Voluntary production cuts by OPEC members show that oil-producing countries are doing what they can to stabilize the market during the ongoing coronavirus epidemic, a strategist told CNBC this week.
Saudi Arabia announced on Monday that it will cut production by an additional 1 million barrels a day starting June 1 in an effort to support oil prices. Following the kingdom’s announcement, the United Arab Emirates and Kuwait also announced supply cuts. This is in addition to an agreement between OPEC and non-OPEC allies, sometimes referred to as OPEC +, to reduce production by 9.7 million b / d from May 1.
“OPEC heavyweights are sort of lining up to try to do what they can to stabilize this market,” said Helima Croft, global head of commodity strategy at RBC Capital Markets.
“We are already starting to see an increase in demand as the global lockout conditions relax, people start driving again,” she told CNBC “Capital Connection” on Tuesday. “So, essentially, what they are doing is acting as an accelerator in terms of rebalancing the market.”
An offshore drilling platform is located in the shallow waters of the Manifa offshore oil field, operated by Saudi Aramco, in Manifa, Saudi Arabia.
Simon Dawson | Bloomberg | Getty Images
However, although there are “green shoots”, the outlook is not clear as the pandemic continues.

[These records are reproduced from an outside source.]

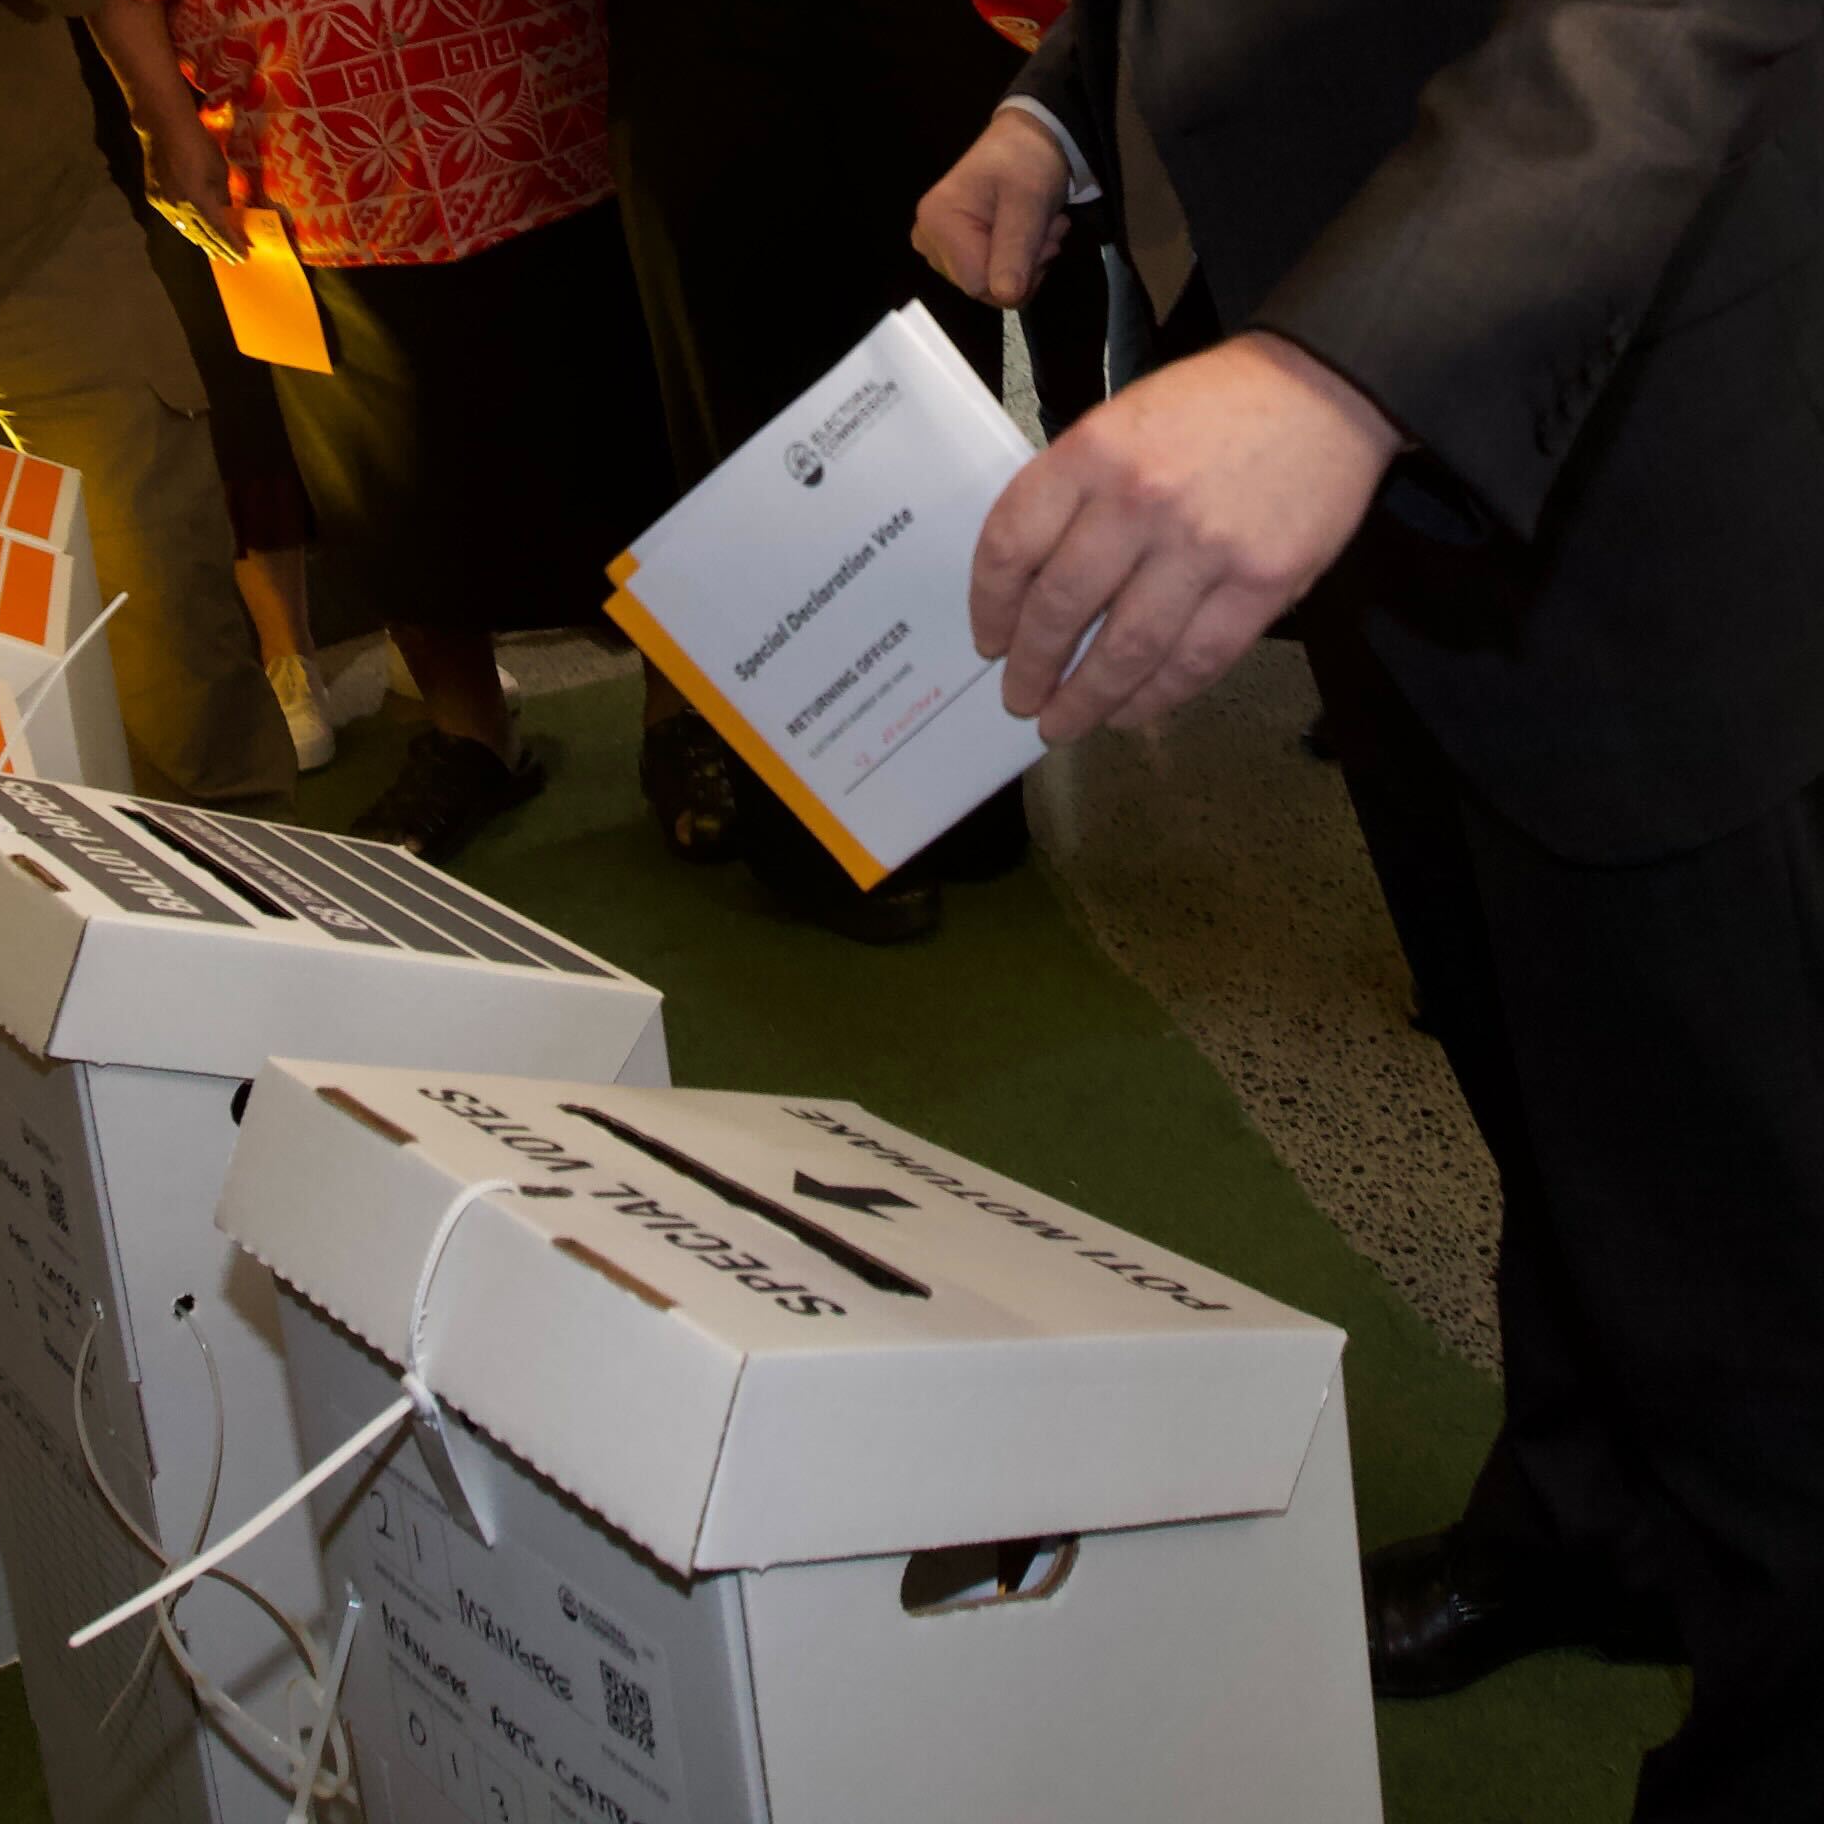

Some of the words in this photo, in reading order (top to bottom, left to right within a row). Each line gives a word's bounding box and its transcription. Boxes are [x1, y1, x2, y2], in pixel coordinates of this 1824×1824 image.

[735, 622, 789, 682] Special
[786, 543, 875, 632] Declaration
[871, 508, 913, 547] Vote
[785, 668, 858, 738] RETURNING
[855, 620, 911, 677] OFFICER
[69, 840, 204, 916] BALLOT
[418, 1087, 594, 1174] VOTES
[781, 1107, 1083, 1243] MOTUHAKE
[593, 1182, 848, 1318] SPECIAL

“If we were to have a second wave of crisis, if we were to enforce lock-in restrictions, it could really change the trajectory of a recovery in oil prices,” said Croft. “We really have to wait and see what will happen with this virus before we can say that we are clearly on the road to lasting recovery.”
According to data compiled by Johns Hopkins University, more than 4.18 million people have contracted Covid-19 worldwide and at least 286,336 people have died from the virus.
Oil futures have been under pressure for months as the coronavirus crisis crushed demand, while supply increased in April amid price wars. The two main benchmarks have fallen by more than 50% since the start of the year.
It also remains to be seen whether the latest cuts in oil production “will really push up oil prices and help boost the company’s revenues,” said Ellen Wald, president of Transversal Consulting. She added that it will depend on the fulfillment of their commitments by Russia and Iraq.
“These are really the two wild cards of this OPEC + agreement,” she told CNBC “Street Signs Asia”.
Saudi supply reduction
Wald also said the cut in Riyadh’s output was almost a response to the “instinctive” reaction it had when OPEC + talks failed earlier this year.
“Saudi Arabia, in particular, is looking to regain some of the leadership it lost in March,” she said.
The kingdom increased output to 12 million barrels a day after Moscow refused to agree to adjust the oil supply. The policy “really failed” because demand was extremely weak, she added.
Croft of RBC Capital Markets said that Saudi Arabia is now back in “all it takes” mode. “The decision to cut 1 million barrels of production from the market was not planned.”
“It looks like they are trying to give the oil market an adrenaline rush to raise prices, and they really need price in a more constructive place,” she said.
Besides the fact that Riyadh is highly dependent on oil revenues to finance its public spending, a recovery in oil prices will also be “essential” to change public sentiment in the country, said Croft.
The kingdom announced this week an austerity campaign that will see value added taxes triple to 15%, cuts in public spending and the suspension of benefits for public sector workers.
“This is why I think they are so focused on the essentials of doing everything right again, showing that Saudi Arabia will lead the oil market, that they are back at the helm of the ‘OPEC. “
– Natasha Turak and Pippa Stevens of CNBC contributed to this report.